You are on page 1of 12

TEDx Mumbai

Making sense of the voices on twitter

By Elroy Serrao

Photograph: Day one hundred and twelve by Dustim Diaz (http://www.flickr.com/photos/polvero/3466964233/)


CONTENTS
Introduction ........................................................................................................................................................................ 3
Methodology ....................................................................................................................................................................... 4
The Official Twitter Account ........................................................................................................................................ 5
The Tweets .......................................................................................................................................................................... 6
An quick overview ....................................................................................................................................................... 6
Who Tweeted? - The people behind the tweets ............................................................................................. 6
When did they Tweet? - The Tweet Timeline .................................................................................................. 7
What did they Tweet about? – The Content ..................................................................................................... 8
Where did they Tweet From? – The Source................................................................................................... 10
Conclusion ........................................................................................................................................................................ 12

2
INTRODUCTION
Tedx Mumbai was an independently organized TED event that was held in at BlueFrog, Mumbai
on 3rd April 2010. Unfortunately for me, the event was held on the day before Easter, and so
even applying to attend was out.
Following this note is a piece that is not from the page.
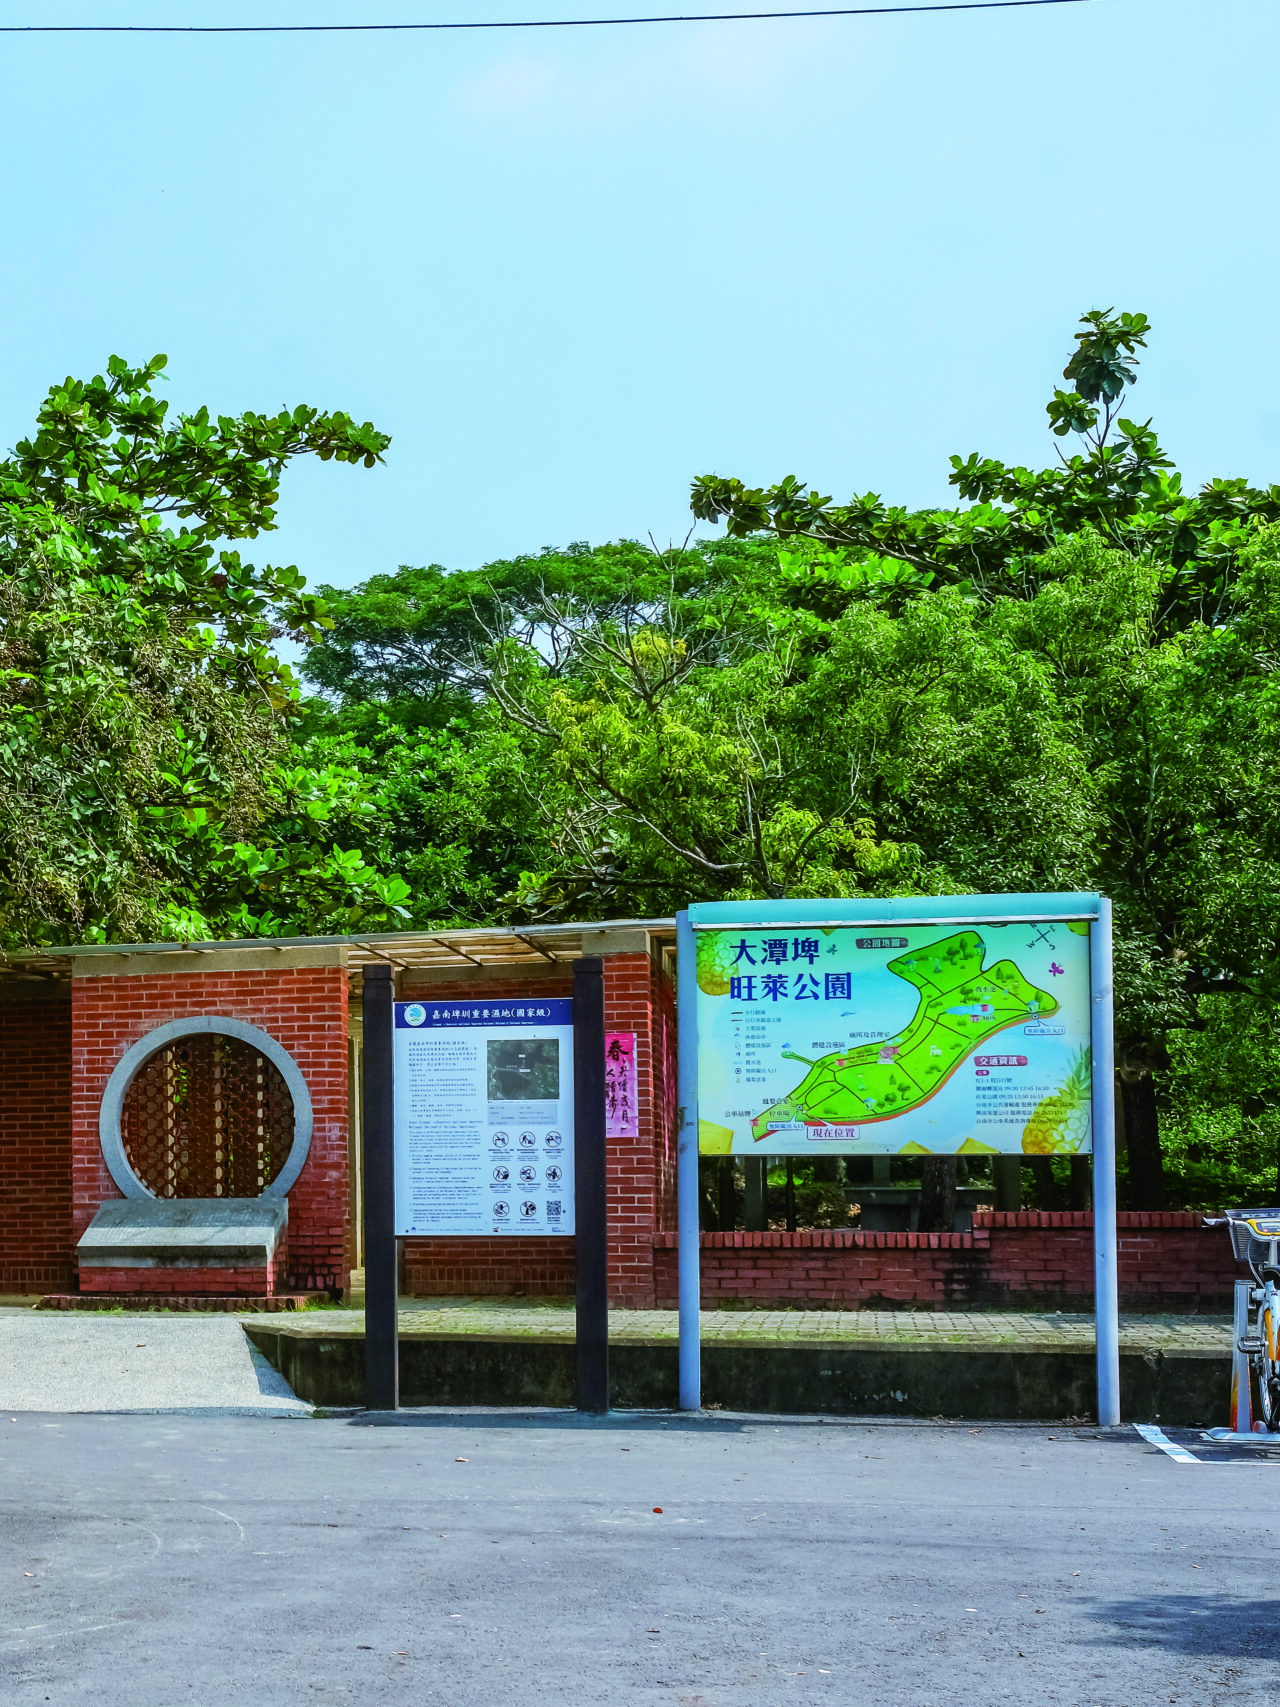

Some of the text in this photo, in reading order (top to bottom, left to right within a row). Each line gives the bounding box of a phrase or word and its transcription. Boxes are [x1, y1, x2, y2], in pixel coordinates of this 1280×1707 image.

Around the same time I was dabbling with a Ruby Script to
automatically collate tweets matching a few keywords and tags. So I thought, let’s collate all the
tweets from the event and then see the event from the eyes of twitter.

Some frantic coding later, my script was live on my server and I was set. Or so I thought.

The very next day, halfway on the way to work I realized that I had forgotten to setup a script to
monitor the hashtag for the event. Out came my new Android phone to the rescue!! I managed to
access my server, through Net2FTP and then copied the existing script and modified it using a
web based editor and set up the script using my control panel, all from the phone. Whew!!

Net result was that I was setup, but about an hour late, so I missed out on a few tweets. I let my
scripts run for the entire day as well as the next. What follows is an attempt to make some sense
of the many voices out there. I do hope this bit of random craziness, gives you something
interesting to read.

3
METHODOLOGY
To collate tweets, I set up two scripts. One script searched the twitter timeline for the words
“Tedx Mumbai”, while the other searched the timeline for the hashtag #tedxmumbai. The first
script logged the first 25 search results, while the second logged the first 30 search results. Both
scripts ran every 5 minutes, logging the search results to a text file. The text files were created
on the basis of the date i.e. one per day, with the day being determined by the system clock on
the server.

Each script logged date, day, time, tweet contents, user, tags, application from which the tweet
originated, type of the Tweet and whether it was a retweet. If the tweet contained the word “RT”
then it was tagged as a retweet. The scripts automatically tagged the tweet as belonging to a
particular type. Tweets containing the “@” character were considered to be conversations, those
with links were classified as links and everything else was classified as general.

Finally the data was scrubbed of all duplicates before any analysis was attempted.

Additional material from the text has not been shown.